We were late getting to Emek Hamatzleva, the Valley of the Cross in Jerusalem where a number of the city’s scouting groups meet, and the ceremony for Israel’s Memorial Day was already in full swing. The scouts were seated in a semicircle on the ground; the rest of us stood behind them where we could get a view of the proceedings. As in the United States, boys and girls here join the scouts at around the age of ten and remain through their late teens, when some become scout leaders, but I could not imagine anything faintly like this being done by American scouts in honor of our Memorial Day, or even July 4th. (In Israel, the two days, Memorial and Independence, are celebrated, in Jewish fashion, one immediately after the other: first mourning, then joy.)
Toward one end of this gathering place, the older scouts and scout leaders had erected a stage and a podium, and on this stage through-out the evening were seated a choir, which now and then rose to sing, and several individuals who read poems chosen for their appropriateness to the occasion.
Israelis, I have noticed, seem to be especially drawn to the making and lighting of fires. Not long after Memorial Day there would come the holiday of Lag B’Omer, celebrated with great night-long bonfires for which children spent days and days collecting wood (and because of which the smell of wood smoke would afterward hang in the air for days). Perhaps, it occurred to me, this passion for wood fire is the result of the fact that Israelis live so heavily surrounded, both inside and out, by stone. On this night, too, fire was key to the proceedings, for suspended in various spots behind and alongside the stage the older scouts had ingeniously strung together a group of naked branches, wrapped in kerosene-soaked cloth, to form words or whole phrases, and as the program came to the point where one of these words or phrases was sung or spoken, a young man wielding a long burning torch set the appropriate group of branches on fire. It was nothing short of spectacular, these words set ablaze against the black sky—though a strong unseasonable wind now and then also sent showers of sparks flying into the audience.
It could have been the wind and smoke and sparks that caused so many eyes to blink back tears that night, but a far more likely culprit was another continuing feature of the program. This involved a large screen set up halfway between stage and audience. On it were flashed, one by one, the individual pictures of each and every member of the scouts from this area who had fallen in one or another of Israel’s wars, beginning with 1948. As each picture was shown, over the loudspeaker came a voice announcing the individual’s name, his place and date of birth, and the date of his death. In other words, central to this memorial program was the steady reminder that each of these young and fallen scouts had his own name, his own face (to judge from the photographs, a face still smooth with innocence), and his own personal history, and was not merely going to be included in some statistic and then forgotten, even by those of us—probably most of the people present—who had never known him or even heard of him.

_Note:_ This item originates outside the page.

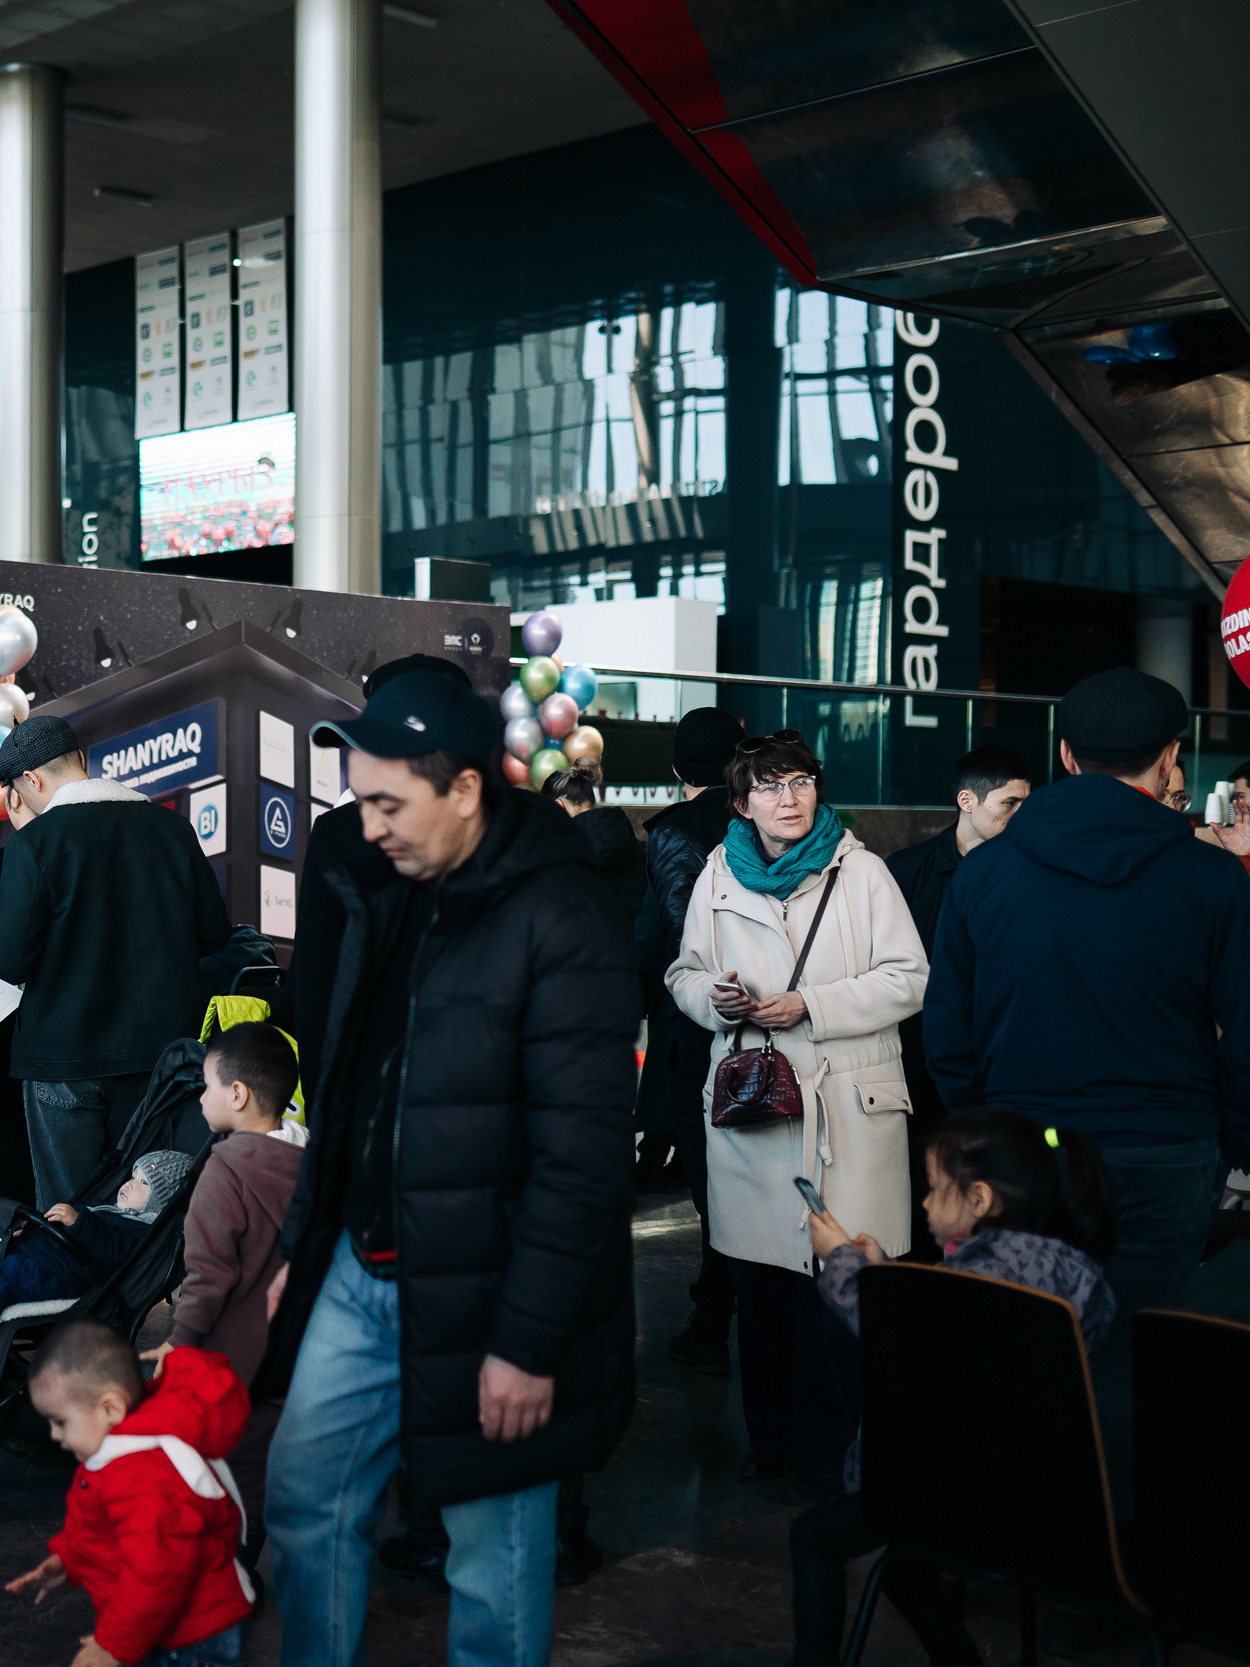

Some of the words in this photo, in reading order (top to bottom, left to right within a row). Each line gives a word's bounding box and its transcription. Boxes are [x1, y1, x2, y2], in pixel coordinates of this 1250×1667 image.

And strangely, or perhaps not strangely, as I stood that night in far-off Jerusalem, I found myself haunted by thoughts not about Israel’s dead but rather about a recent book that had nothing remotely to do with the subject of Israel. What kept going through my mind were images from April 1865: the Month that Saved America1 by Jay Winik, a vivid, almost tactile, account of the final bloody weeks of the American Civil War, the assassination of Abraham Lincoln, and, at long and sorrowing last, the surrender, one by one, of all the armies of the South.
There are books that a reader especially admires (“How did he do that?”), and there are books that a reader envies (“I could never in a million years have written anything like that”), and for me Winik’s book was both. While not offering any new revelation, April 1865 is at once both dense with detail and gripping—no mean feat for a subject that has already been gone over and over by so many distinguished, sometimes great, historians, biographers, autobiographers, poets, and diarists, not to speak of that ever active and learned army of Civil-War buffs, both Northern and Southern, who not only know the full history of the war but seem to know every blade of grass on every one of its battlefields.
What haunted my memory in particular as I stood there in Emek Hamatzleva were Winik’s accounts of a couple of battles—bloodlettings—that took place not during the fateful April of the book’s title but a year earlier, when anyone with the capacity to be the least bit dispassionate—not that there could have been many such just then—might already have realized that the South could not win and that from now on all the slaughter would be merely that, slaughter. And what slaughter: in the end, Winik tells us, over 620,000 were killed in the war, an almost unimaginably high proportion of the population of the time (20 million in the North, 9.5 million in the South). In any civil war, what adds immeasurably to the horror is the fact that troops are so often fighting men who had only yesterday been their neighbors, even in some cases their friends. In the American Civil War, the members of the opposing armies had been virtual brothers, and the bloodshed among them was on that account all the more dreadful.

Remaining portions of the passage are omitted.